The Musician
At times in this morning light, Hank saw things or thought he saw things that were not really there. Another morning he had come early, he thought that he saw a goose tangled in the bush; but when he went to free it, it was just a plastic bag from the Belo. He must talk to Jack again about littering.
The sun barely showed over the mountain when he pulled his truck next to the trailer. It was a shadowy time of day. Trees and figures could be discerned in the gray light, but the full spectrum of color would not be visible until after the sun’s full rising.
As he walked to the trailer door, he thought that his eyes were deceiving him again. On the west ridge where the crew had been excavating last week, he made out what could be a silhouette against the pink gray sky, a slim body, maybe, standing on a mound of dirt on the edge of the big hole.
First he thought, “I wonder what that really is?” He doubted his perception even more as the figure turned and lifted a long round tube from its mouth toward the sky as if making an offering to the emerging sun. Ever practical, “Get to work, man,” he told himself. He especially needed to plan out this day carefully. The crew had fallen behind schedule.
The Department of Transportation would not smile kindly on further delays. Moving the graveyard had eaten up too much of their schedule already. And it had been a Public Relation’s nightmare. Now that exhuming and tagging the bodies was well underway, he hoped the crew would be able to return to some semblance of a normal routine.

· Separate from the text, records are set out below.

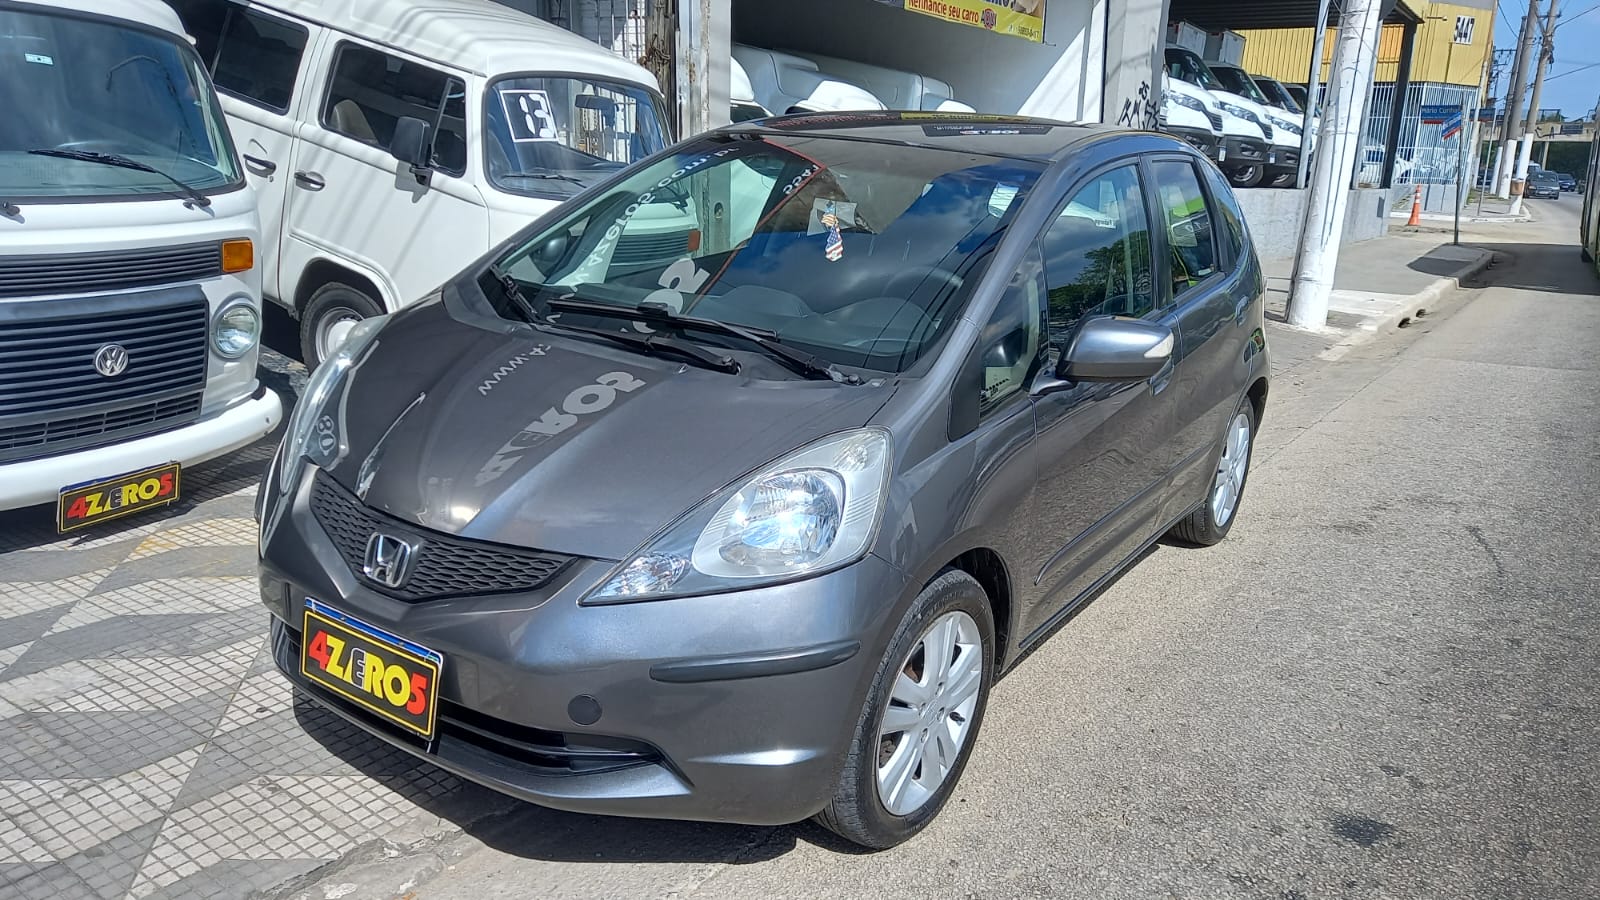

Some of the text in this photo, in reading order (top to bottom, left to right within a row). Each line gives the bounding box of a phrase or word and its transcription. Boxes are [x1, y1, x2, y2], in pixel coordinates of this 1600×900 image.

[948, 5, 960, 18] seu
[962, 9, 979, 23] carro
[1454, 17, 1475, 43] 5447
[519, 93, 556, 138] 13
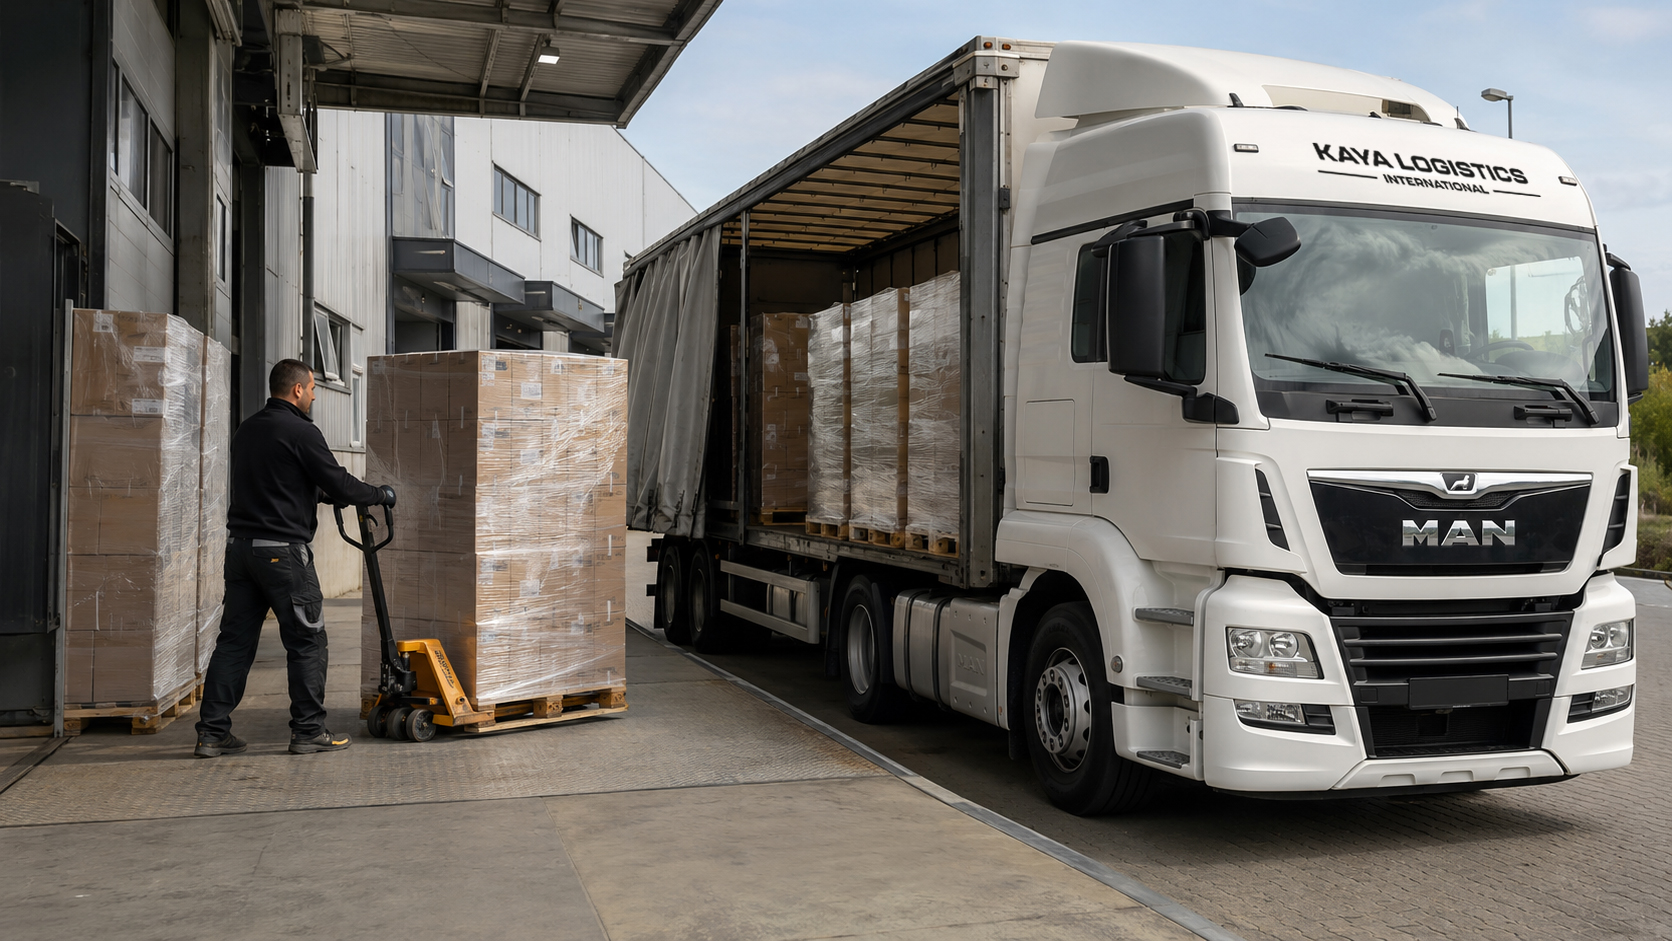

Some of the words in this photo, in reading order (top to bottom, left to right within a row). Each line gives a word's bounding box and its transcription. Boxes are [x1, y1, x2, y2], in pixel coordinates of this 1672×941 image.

[1312, 142, 1394, 169] KAYA
[1394, 153, 1529, 185] LOGISTICS
[1383, 174, 1490, 194] INTERNATIONAL
[1402, 519, 1516, 546] MAN
[957, 653, 985, 675] MAN

Hank Lucas had left the boardinghouse earlier than usual that morning. But Jenna was back in Charlotte, and their routine would have to wait until the weekend when they saw each other again. He couldn’t sleep, so he drove to the work site. He could go over the excavation plans and assign the crew their daily duties. He would be relieved when the highway was finished. Traveling the narrow country road to the site irked him. This had been one of the more complex jobs of his career. Every time he passed the small, abandoned clapboard church he felt guilty.
Stepping up into the work trailer he heard the first thin sounds of what might have passed for a primitive flute. Stopping, he stepped back unto the ground and cocked his head. He knew he sometimes “saw” things at dawn, but was he “hearing” things, too? No, the music was faint but clear and enticing, like the Pied Piper must have sounded luring the children away from Hamlin.

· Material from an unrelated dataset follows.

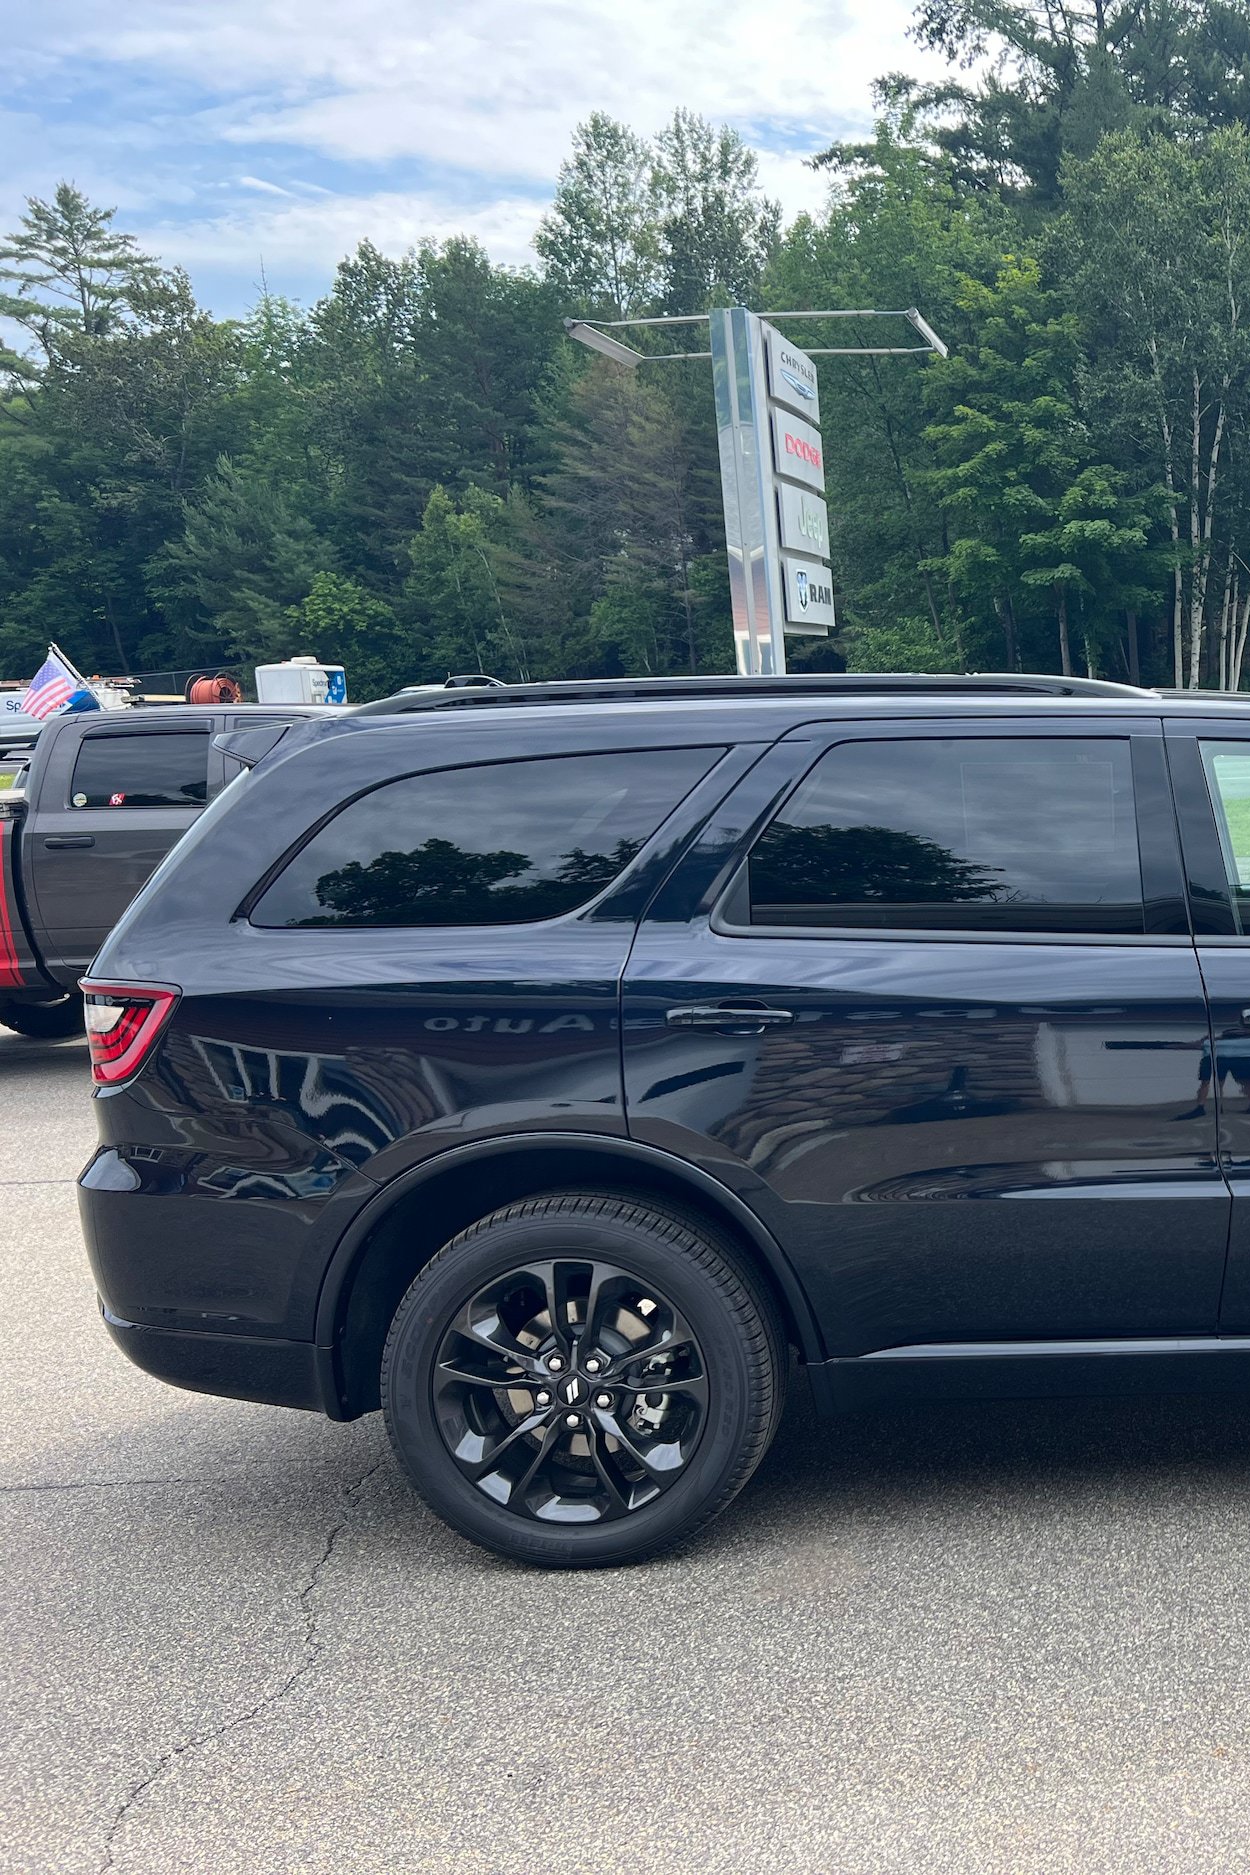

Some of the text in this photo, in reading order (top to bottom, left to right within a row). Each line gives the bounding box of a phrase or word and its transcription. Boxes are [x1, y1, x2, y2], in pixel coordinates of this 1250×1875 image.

[780, 351, 815, 384] CHRYSLER
[784, 432, 821, 470] DODGE
[797, 495, 823, 549] Jeep
[809, 583, 832, 606] RAM

It was his duty, he guessed, to investigate the sound. For a moment he lost sight of the figure as he took the short cut through the trees to the excavation. He resented having to use his time like this. But when he emerged from the clearing, the sun poked up over the mountains and he could see the shape of a person, standing on that mound, playing some sort of pipe. Hank walked in closer. He didn’t want to disturb this fellow just yet. He thought if he stayed still a little longer he might get a real clue as to what this mysterious figure was up to. If he moved in too quickly the guy could jump behind the huge dirt pile and get away. Traveling up that mound would take Hank longer than it would take the strange musician to run down the hill. Hank watched as the man lifted his pipe to the sky and then pointed it down toward the hole.
“What the hell?” Impatient by nature, Hank could barely contain his silent investigation. Within seconds he was bounding up the slope to get to the bottom of whatever the devil this interloper was doing there.
But his first instinct had been right. The piper saw him coming, stopped, turned and escaped down the other side. When Hank arrived at the top, the mystery man and his pipe were too far away to catch. Hank caught sight of him just before he ran into the woods.
“Hey! Hey, you? What do you think you’re doing?” But the question met only the cool morning breeze. If the piper had heard it, Hank doubted seriously that he would have responded. “Just one of those weird, mountain people,” he observed. Didn’t look too odd, though, just a typical, pony tailed farmer in a flannel shirt and jeans. He had seen dozens like him in Marshall when he and the crew went into town for lunch.
As Hank walked back down the hill to the trailer he was in a real quandary. He didn’t know what to make of what he had seen. Complicating the matter was that whole Public Relation’s issue. Should he call the police? The cops were locals, too, weren’t they? They loved to stick together. But he couldn’t have people just wandering onto the site; he knew that. Safety issues. OSHA would have his butt. But then again, what harm was this guy doing? Maybe none. Maybe plenty. Hard to say with these hill folks.
He put the whole issue on the back burner, though, because he had to get his priorities straight. And he knew where his paycheck was coming from, after all. The Highway Department, that’s who he needed to focus on, not these townspeople, bullheaded as they were. He did admire them some, though, for that, and he had to admit he’d be upset, too, if he were them. Still, he had a job to do and figuring out what to do about this mystery man could certainly wait until later in the day.
“I’ll call Worth Evener,” he decided. “He’ll have a good angle on tackling this.” Hank stepped into the trailer and laid out the day’s schedule, finishing just in time for the first crew member’s arrival.